According to a report by Reuters, the US ran a propaganda campaign to spread disinformation about the Sinovac Chinese COVID-19 vaccine, including using fake social media accounts to spread the disinformation that the Sinovac vaccine contained pork-derived ingredients and was therefore haram under Islamic law. The campaign was described as "payback" for COVID-19 disinformation by China directed against the US The campaign primarily targeted people in the Philippines and used a social media hashtag for "China is the virus" in Tagalog. The campaign ran from the spring of 2020 to mid-2021.

=== Clean energy and climate change ===
The United States and China are the highest greenhouse gas emitters among developed countries and developing countries, respectively. Clean energy and climate cooperation were generally viewed by both China and the US as a relative safe harbor for cooperation, even during many of the most contentious periods in the bilateral relationship. A record number of bilateral cooperation agreements, including related to climate issues, were signed during the tenure of US President Barack Obama.

However, cooperation on clean energy and climate change issues were also limited by lack of consistent funding and lack of dialogue at high political levels, and ended almost entirely after US President Donald Trump de-prioritized environmental issues during his term. The subsequent Joseph Biden administration ended the US–China Clean Energy Research Center (CERC) established under Obama.

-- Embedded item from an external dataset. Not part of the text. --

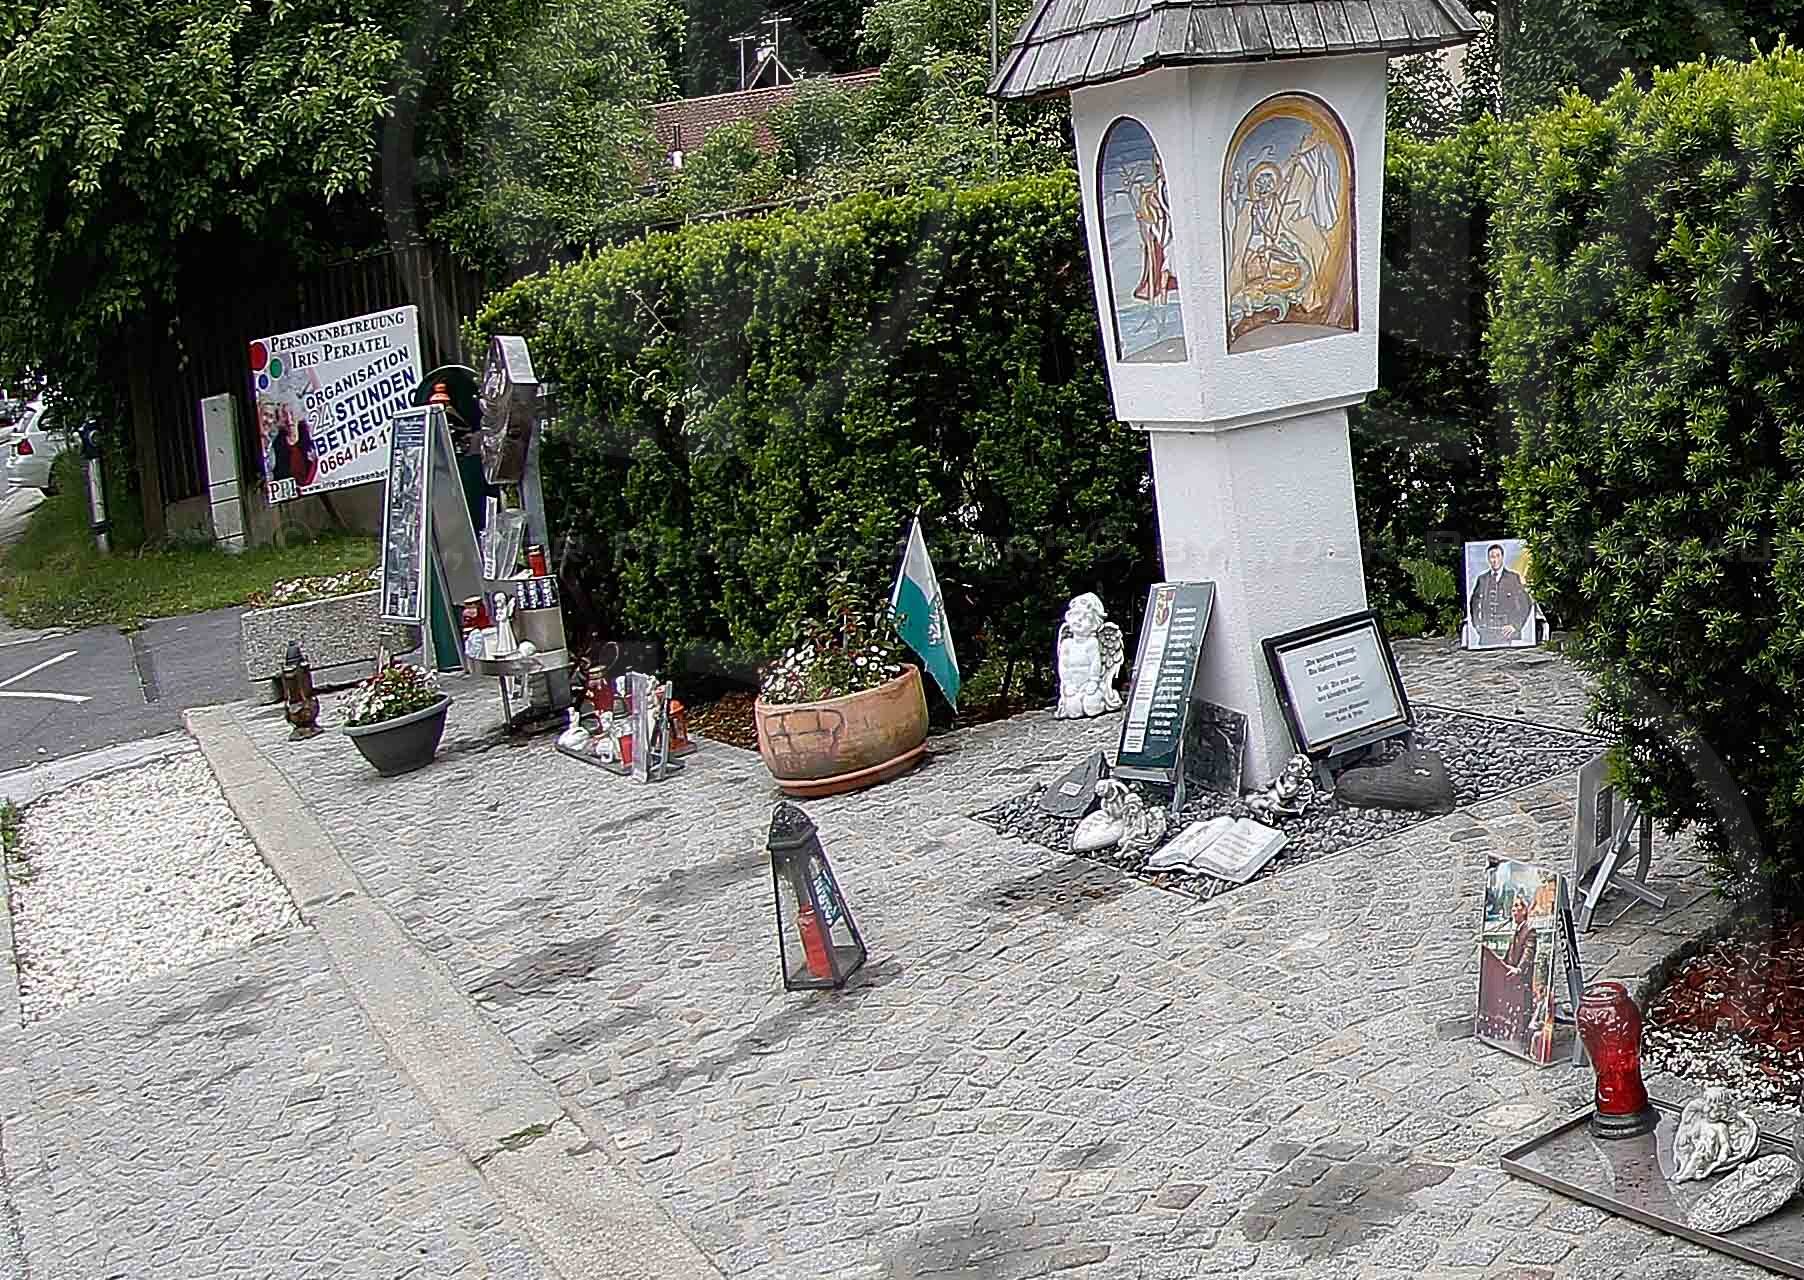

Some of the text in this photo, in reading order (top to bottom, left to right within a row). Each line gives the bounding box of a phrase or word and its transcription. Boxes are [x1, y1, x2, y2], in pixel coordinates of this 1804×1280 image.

[271, 312, 404, 352] PERSONENBETREUUNG
[291, 335, 391, 368] IRIS PERJATEL
[306, 346, 410, 410] ORGANISATION
[309, 366, 416, 436] 24 STUNDEN

CERC had been the most ambitious clean energy cooperation platform between the two countries, and one of the few cooperation mechanisms to have survived the Trump administration.

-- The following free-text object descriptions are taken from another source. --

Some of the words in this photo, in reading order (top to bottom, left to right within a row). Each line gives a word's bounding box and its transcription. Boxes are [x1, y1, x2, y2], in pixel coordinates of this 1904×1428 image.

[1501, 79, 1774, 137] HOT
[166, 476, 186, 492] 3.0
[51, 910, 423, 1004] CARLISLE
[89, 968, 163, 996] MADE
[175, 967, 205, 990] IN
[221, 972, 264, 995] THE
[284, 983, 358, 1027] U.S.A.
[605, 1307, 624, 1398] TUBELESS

In the US and China's Sunnylands Summit on 8 June 2013, President Obama and President Xi Jinping worked in accordance for the first time, formulating a landmark agreement to reduce both production and consumption of hydrofluorocarbons (HFCs). This agreement had the unofficial goal of decreasing roughly 90 gigatons of by 2050 and implementation was to be led by the institutions created under the Montreal Protocol, while progress was tracked using the reported emissions that were mandated under the Kyoto Protocol. The Obama administration viewed HFCs as a "serious climate mitigation concern."

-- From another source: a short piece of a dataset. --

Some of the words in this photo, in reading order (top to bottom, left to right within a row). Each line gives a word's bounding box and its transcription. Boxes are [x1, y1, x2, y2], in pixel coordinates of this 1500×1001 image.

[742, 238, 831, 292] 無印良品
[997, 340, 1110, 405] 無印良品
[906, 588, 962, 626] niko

On 18 July 2023, US climate envoy John Kerry emphasized the goal of redefining the China–US relationship through climate cooperation. The subsequent day's discussions centered on climate financing, coal consumption, and methane reduction. Kerry's visit signifies the renewed focus on high-level climate diplomacy between the two nations.

=== Iran war ===
During the 2026 Iran war, Donald Trump warned that the United States could impose tariffs of up to 50 percent on countries supplying military weapons to Iran, including China. He stated that he doubted China would engage in such actions, but added that any confirmed transfers would trigger punitive trade measures. Chinese officials denied any involvement in such activities and warned of countermeasures if additional tariffs were imposed.

The United States imposed sanctions on 24–25 April 2026 against a China-based independent oil refinery and approximately 40 shipping companies and vessels for their involvement in purchasing and transporting Iranian crude oil. The measures are part of the US policy of secondary sanctions, aimed at restricting Iran's oil exports by targeting third-country buyers and shipping intermediaries. China criticised the sanctions, describing them as unilateral and inconsistent with principles of free international trade.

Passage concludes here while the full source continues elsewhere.